Health Analysis Division, Statistics Canada, Ottawa, Ontario.
Health Rep. 2021 Aug 18;32(8):18-26. doi: 10.25318/82-003-x202100800003-eng.
Public health measures related to the COVID-19 pandemic have upended the way Canadians eat and shop for food. Since the pandemic began, many Canadians have reported consuming food away from home (FAFH) less often. FAFH tends to be less healthful than food prepared at home. Little is known about patterns of Canadians' FAFH consumption before the pandemic. This study used 2015 national-level nutrition data, the most recent available, to characterize patterns of FAFH consumption and selected markers of dietary intake.
National-level food intake data came from the first 24-hour dietary recall provided by 20,475 respondents aged 1 or older to the 2015 Canadian Community Health Survey-Nutrition. Mean daily intakes of selected food subgroups and nutrients, adjusted for total energy intake, were compared between those who had consumed any food in a restaurant on the previous day and those who had not. Estimates were generated overall and for eight age and sex groups.

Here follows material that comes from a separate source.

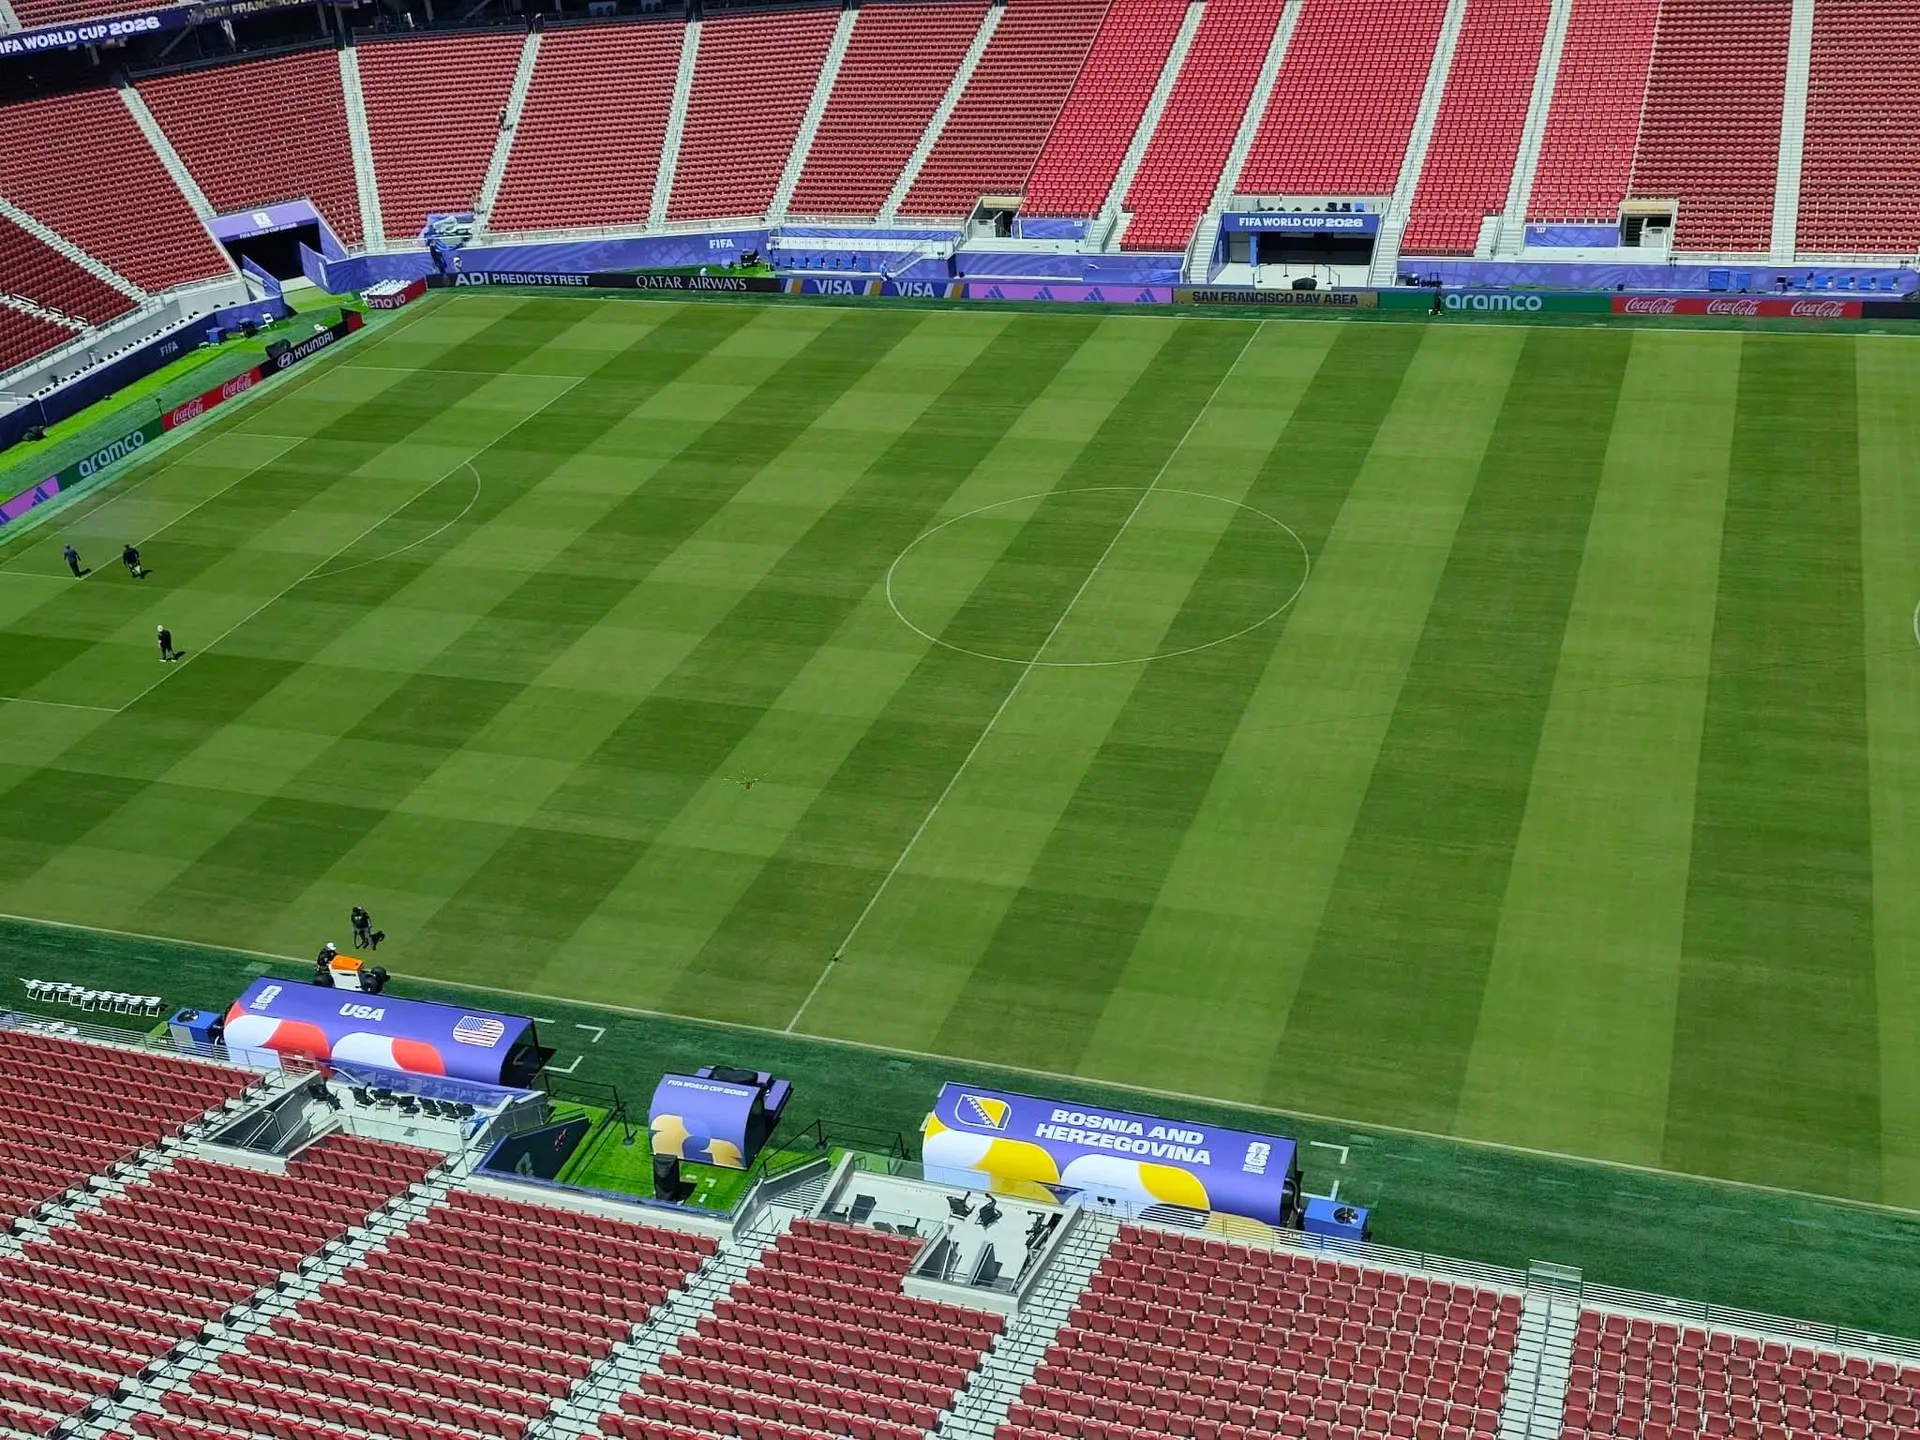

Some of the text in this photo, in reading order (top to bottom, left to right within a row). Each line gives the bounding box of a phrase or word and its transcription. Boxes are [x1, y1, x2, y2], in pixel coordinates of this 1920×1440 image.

In 2015, overall, 21.8% of Canadians had consumed FAFH in a restaurant on the previous day. Eating out was most common among males aged 19 to 54 (27.7%) and least common among young children aged 1 to 5 (8.4%). Compared with Canadians who had not eaten out on the previous day, those who had eaten out had consumed, on that day, fewer servings of whole fruit; whole grains; dark green and orange vegetables; other vegetables (excluding potatoes); milk and fortified soy-based beverages; and legumes, nuts and seeds, on average. Those who had eaten out had consumed, on average, less fibre and total sugar, and more total fat, saturated fat and sodium on that day. There were few differences for meat and poultry, fish and seafood, and protein intake.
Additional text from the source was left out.